▼
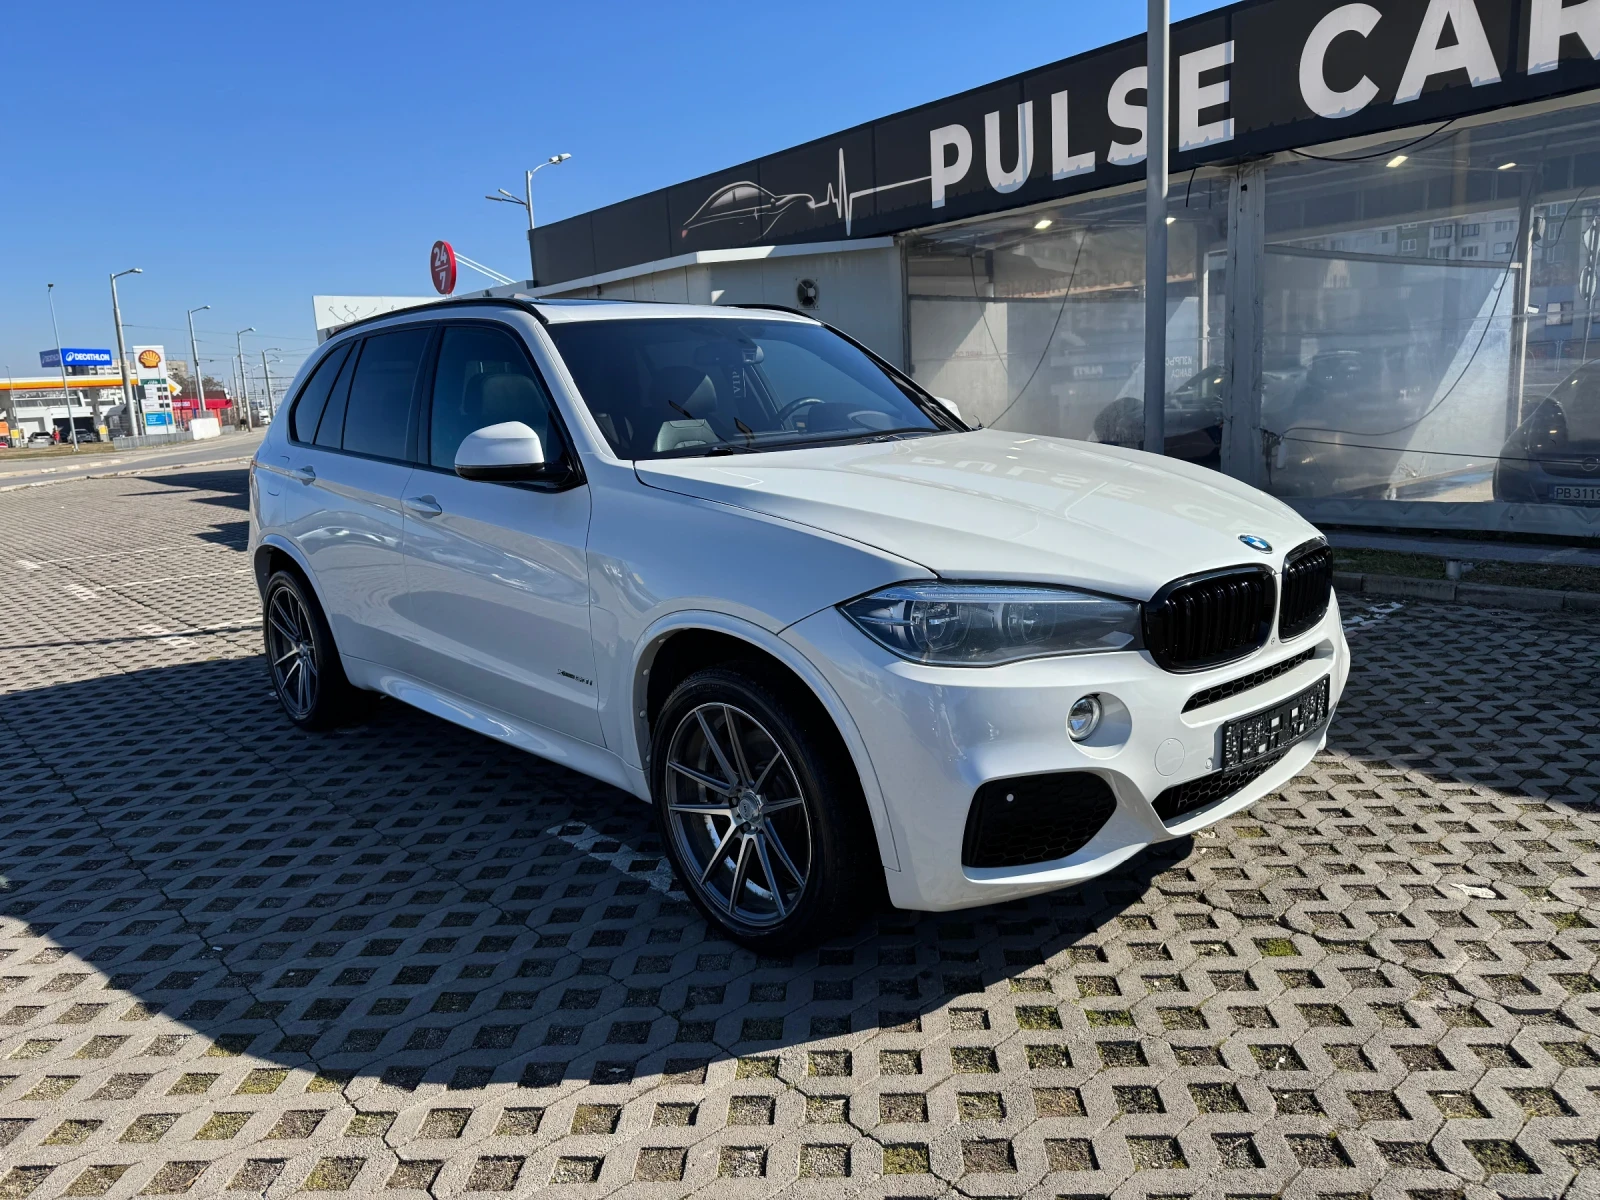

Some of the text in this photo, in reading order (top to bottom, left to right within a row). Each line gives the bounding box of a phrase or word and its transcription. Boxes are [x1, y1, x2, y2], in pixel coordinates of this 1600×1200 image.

[929, 39, 1235, 210] PULSE
[434, 245, 448, 266] 24
[440, 271, 446, 290] 7
[74, 352, 110, 361] DECATHLON
[732, 371, 740, 394] VIP
[1556, 488, 1571, 498] PB
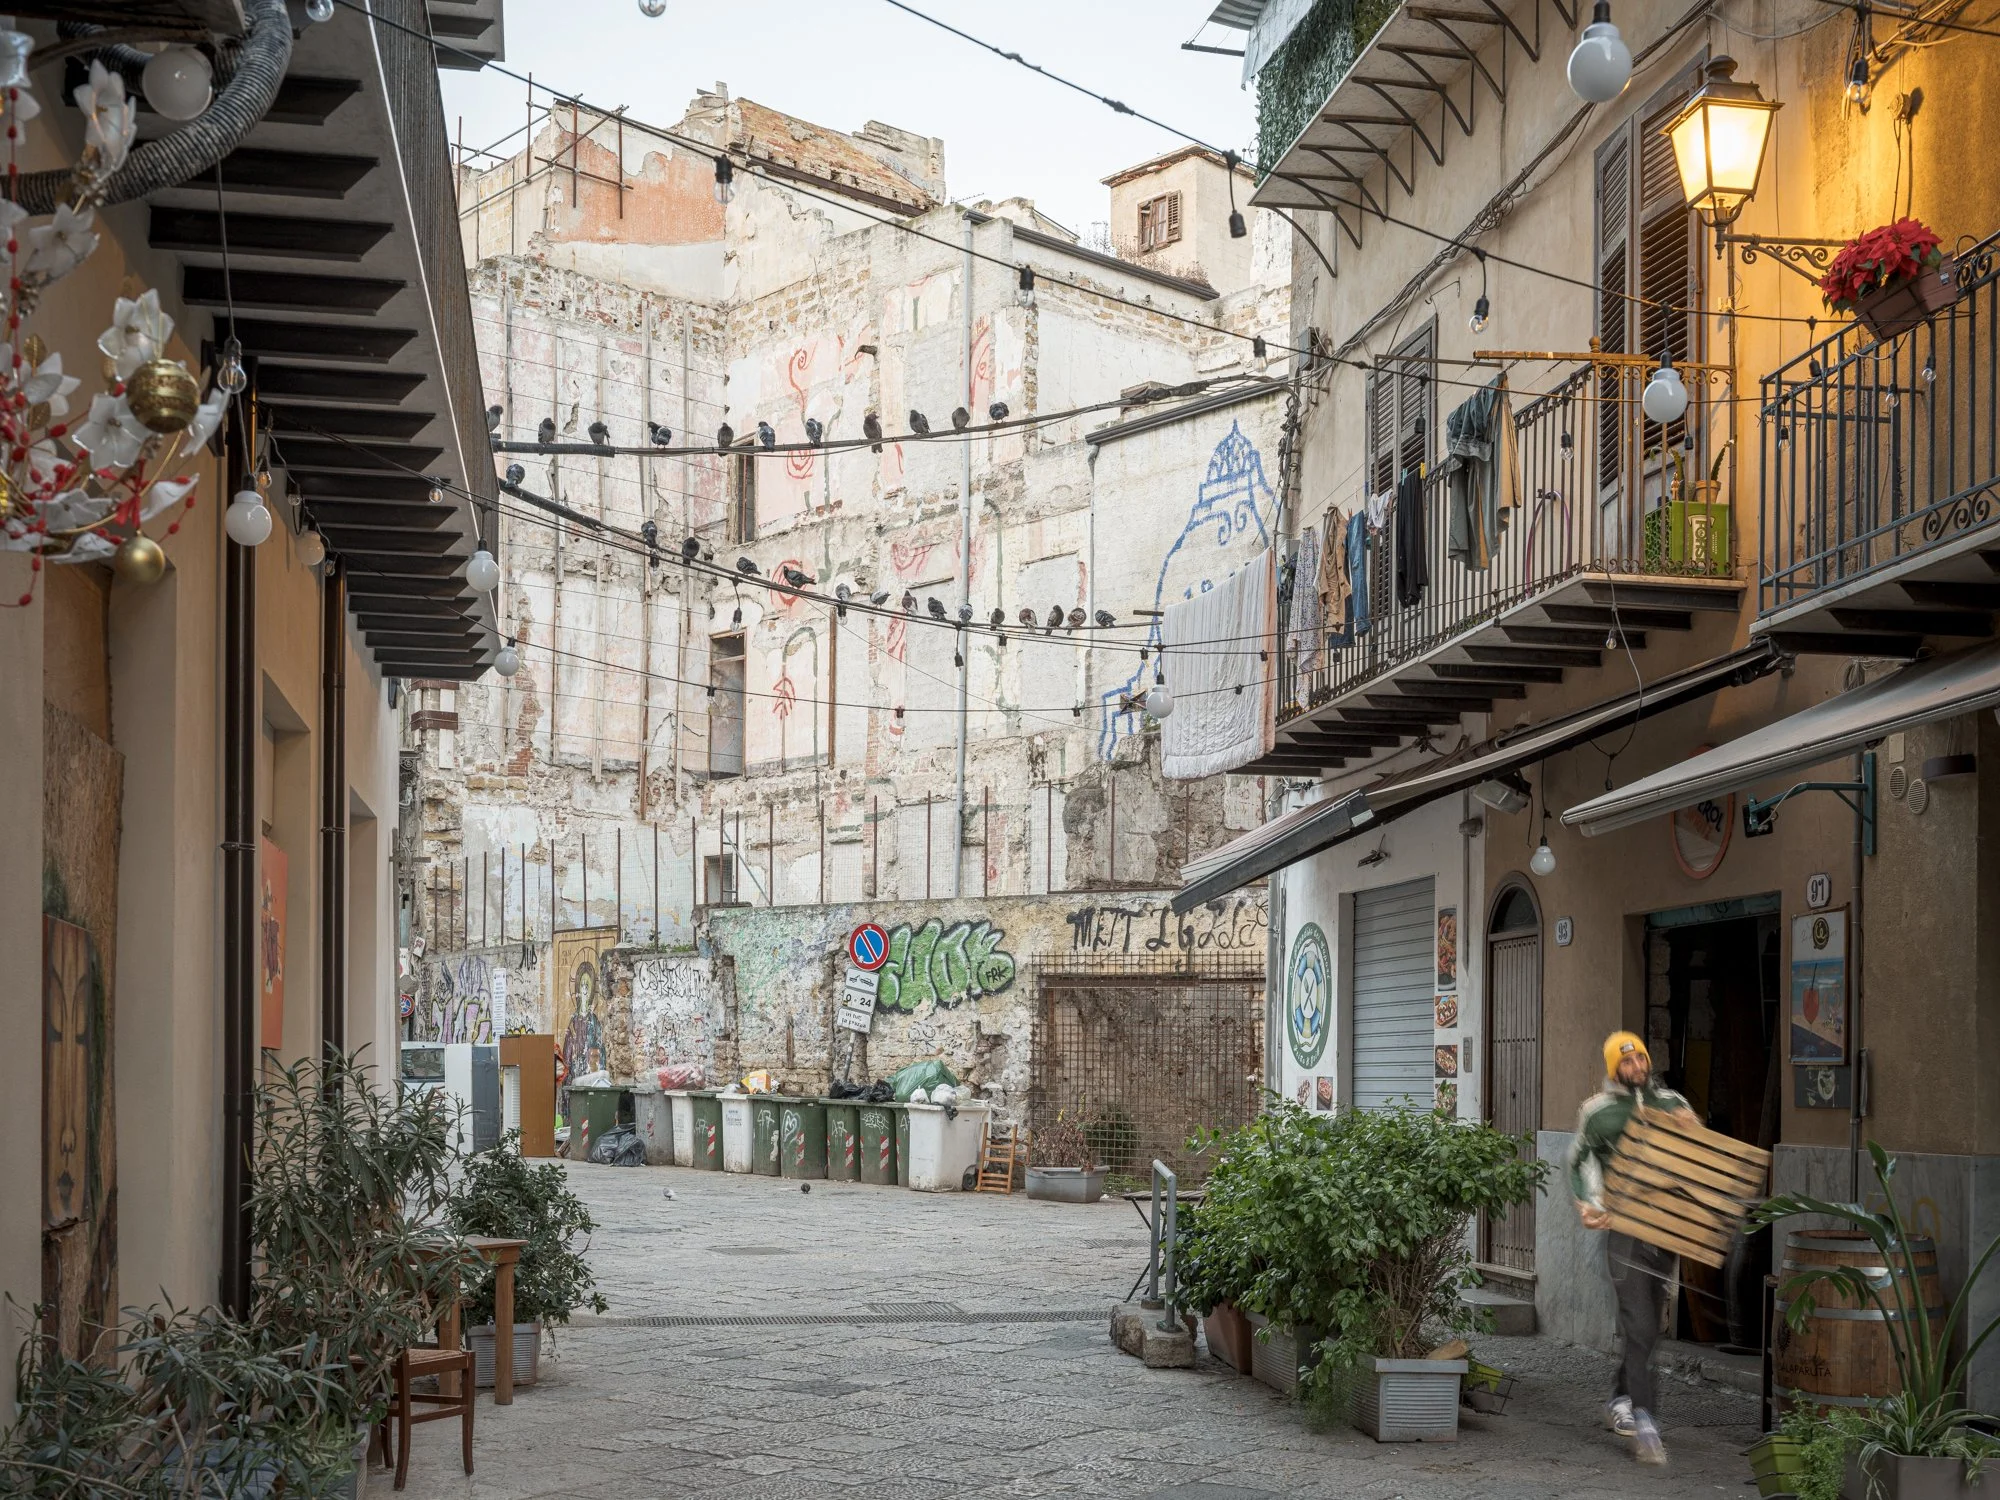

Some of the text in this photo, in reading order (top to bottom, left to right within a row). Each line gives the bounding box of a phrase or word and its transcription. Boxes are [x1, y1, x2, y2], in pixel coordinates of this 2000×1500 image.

[1811, 878, 1825, 903] 91
[1558, 921, 1568, 941] 93
[860, 998, 871, 1007] 24
▲
**INSTRUCTIONS FOR THE TASK:**
This task calls for an exact copy of the data above, without pictures.

**ANSWER BOX:**
Some of the text in this photo, in reading order (top to bottom, left to right within a row). Each line gives the bounding box of a phrase or word and its transcription. Boxes are [x1, y1, x2, y2], in pixel coordinates of this 1600×1200 image.

[929, 39, 1235, 210] PULSE
[434, 245, 448, 266] 24
[440, 271, 446, 290] 7
[74, 352, 110, 361] DECATHLON
[732, 371, 740, 394] VIP
[1556, 488, 1571, 498] PB

Some of the text in this photo, in reading order (top to bottom, left to right within a row). Each line gives the bounding box of a phrase or word and its transcription. Boxes are [x1, y1, x2, y2], in pixel coordinates of this 2000×1500 image.

[1811, 878, 1825, 903] 91
[1558, 921, 1568, 941] 93
[860, 998, 871, 1007] 24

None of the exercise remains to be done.